Exercise goal:
Every entry that follows is to be set down exactly, with its pictures omitted.

---*---

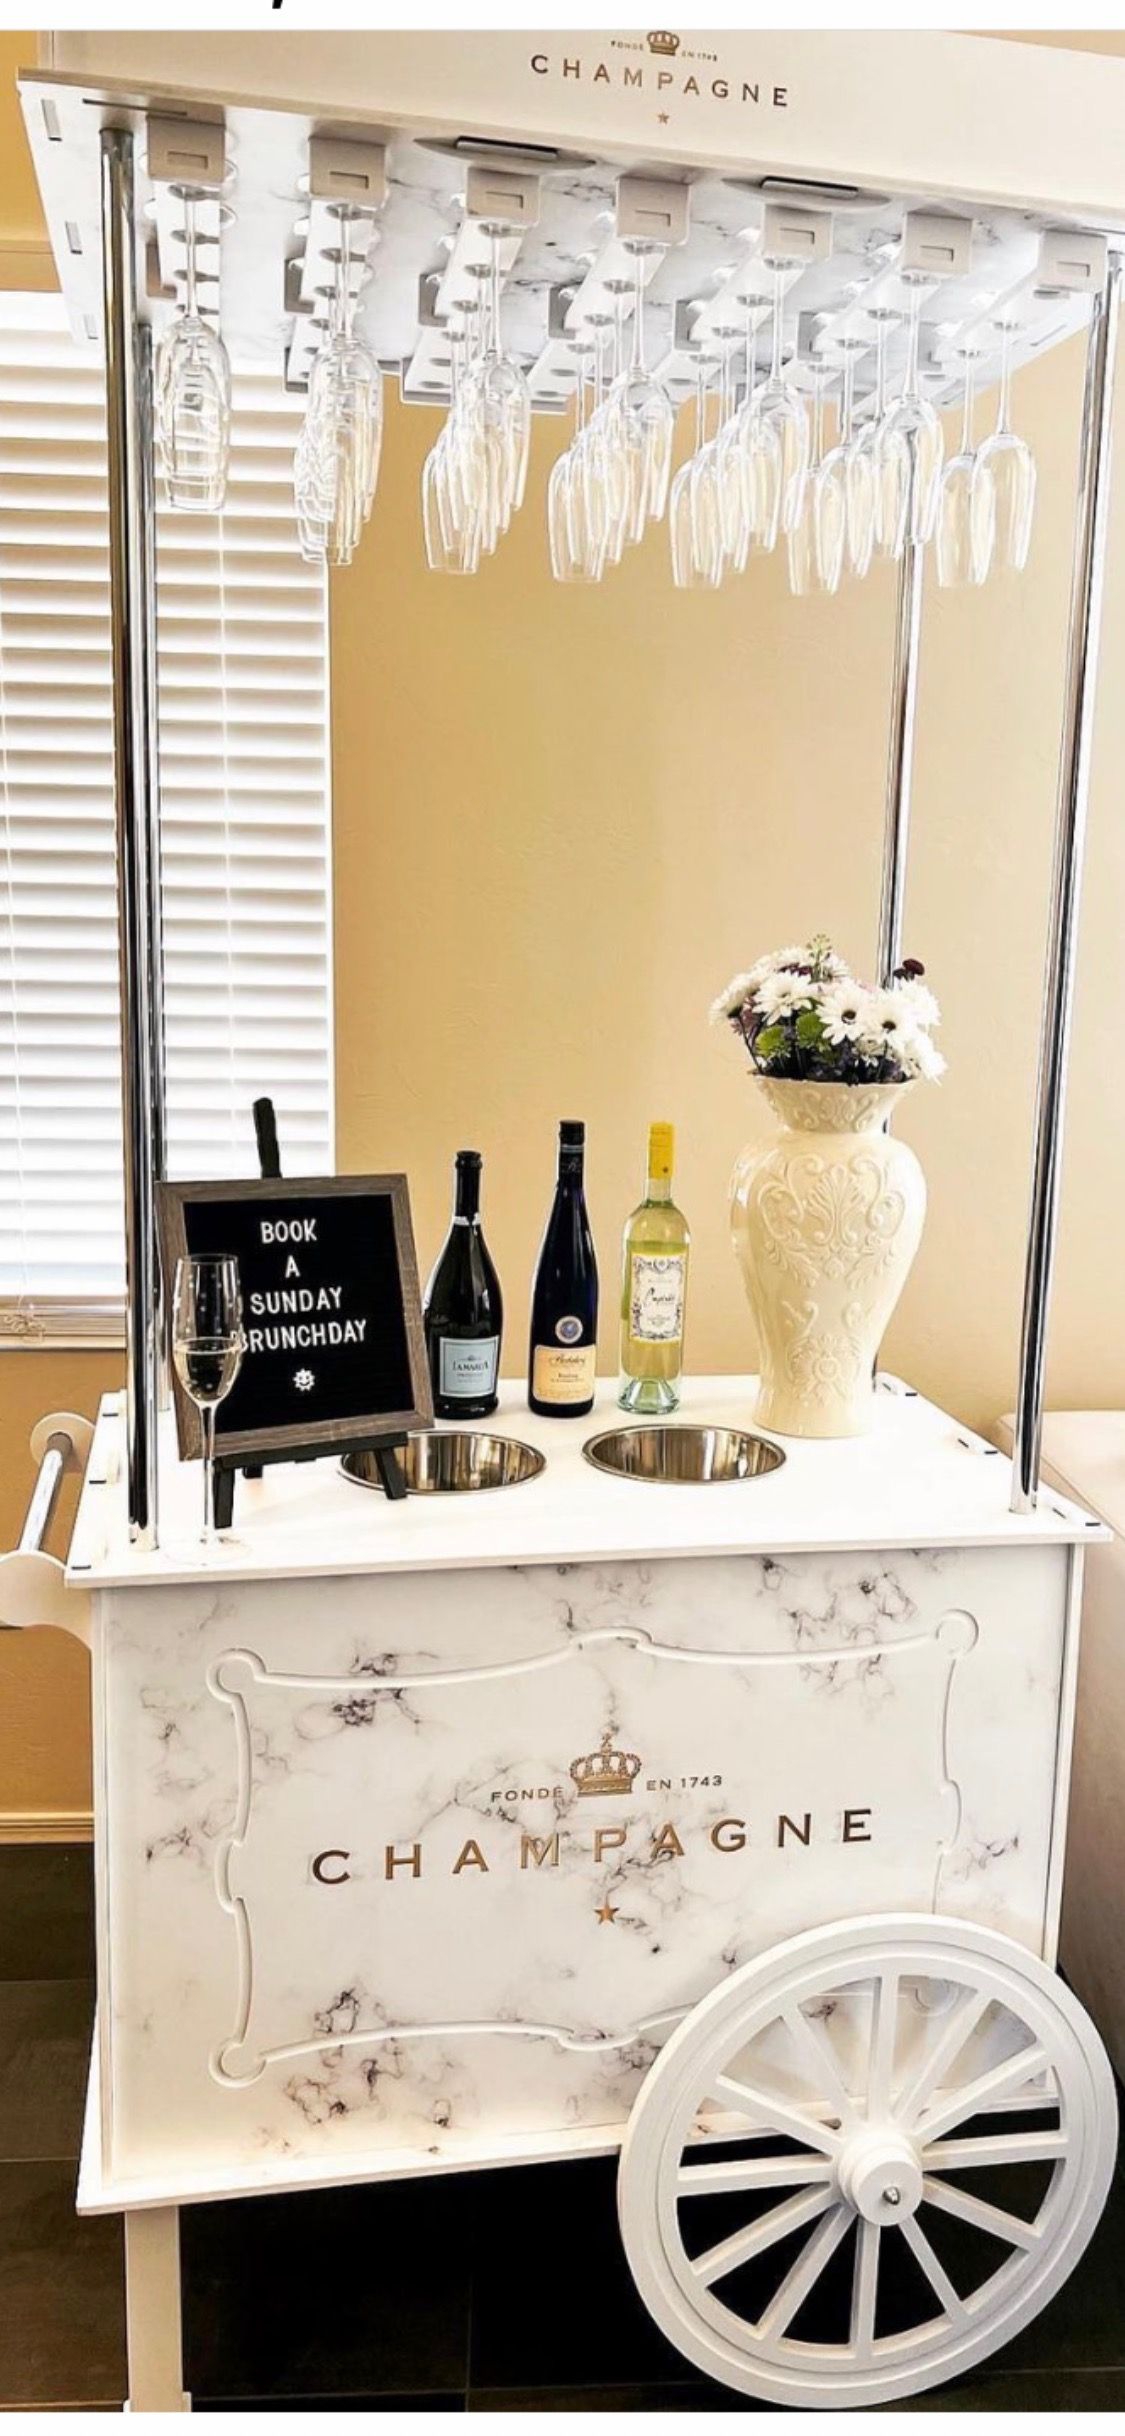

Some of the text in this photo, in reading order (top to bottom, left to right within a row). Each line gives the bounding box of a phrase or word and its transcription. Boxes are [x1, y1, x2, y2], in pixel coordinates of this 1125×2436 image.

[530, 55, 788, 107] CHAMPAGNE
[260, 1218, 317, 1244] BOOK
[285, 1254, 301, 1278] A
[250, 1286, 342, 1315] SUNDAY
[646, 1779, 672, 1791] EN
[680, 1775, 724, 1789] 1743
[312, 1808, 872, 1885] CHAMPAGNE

---*---

Answer to this problem:
Some of the text in this photo, in reading order (top to bottom, left to right within a row). Each line gives the bounding box of a phrase or word and its transcription. Boxes are [x1, y1, x2, y2], in pixel coordinates of this 1125×2436 image.

[530, 55, 788, 107] CHAMPAGNE
[260, 1218, 317, 1244] BOOK
[285, 1254, 301, 1278] A
[250, 1286, 342, 1315] SUNDAY
[646, 1779, 672, 1791] EN
[680, 1775, 724, 1789] 1743
[312, 1808, 872, 1885] CHAMPAGNE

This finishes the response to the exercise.